Tocó el parche y luego dio de patadas a la tierra alrededor del árbol, como para asegurarse de que no había sido removida. Después de esto, prosiguió su camino por el bosque. Este era el hombre que acababa de encontrarse con Cosette. Se había dado cuenta que se trataba de una niña pequeña y se le acercó y tomó silenciosamente su cubo.
El hombre le dirigió la palabra. Hablaba con una voz grave y baja.
- Hija mía, lo que llevas ahí es muy pesado para ti.
Cosette alzó la cabeza y respondió:
- Sí, señor.
- Dame -continuó el hombre-, yo lo llevaré.
Cosette soltó el cubo.
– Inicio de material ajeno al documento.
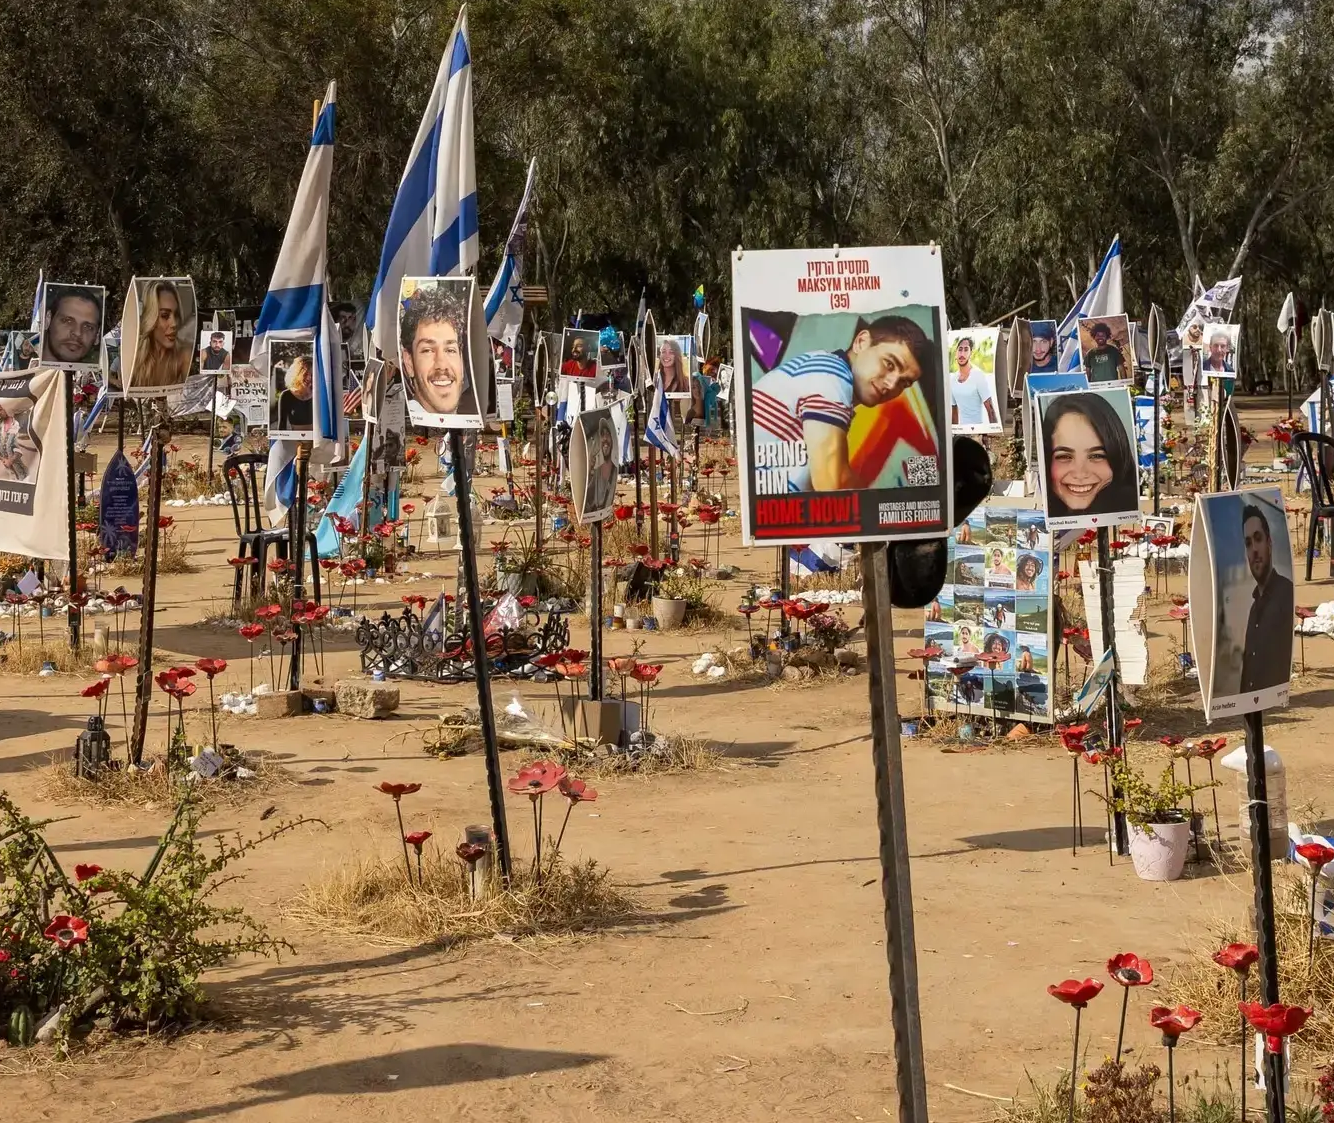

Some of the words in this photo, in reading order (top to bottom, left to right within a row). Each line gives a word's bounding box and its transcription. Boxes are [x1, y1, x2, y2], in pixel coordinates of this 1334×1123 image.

El hombre echó a andar junto a ella.
- En efecto, es muy pesado -dijo entre dientes.
Luego añadió:
- ¿Qué edad tienes, pequeña?
- Ocho años, señor.
- ¿Y vienes de muy lejos así?
- De la fuente que está en el bosque.
- ¿Y vas muy lejos?
A un cuarto de hora largo de aquí.
El hombre permaneció un momento sin hablar; después dijo bruscamente:
- ¿No tienes madre?
- No lo sé -respondió la niña.
Y antes que el hombre hubiese tenido tiempo para tomar la palabra, añadió:
- No lo creo. Las otras, sí; pero yo no la tengo.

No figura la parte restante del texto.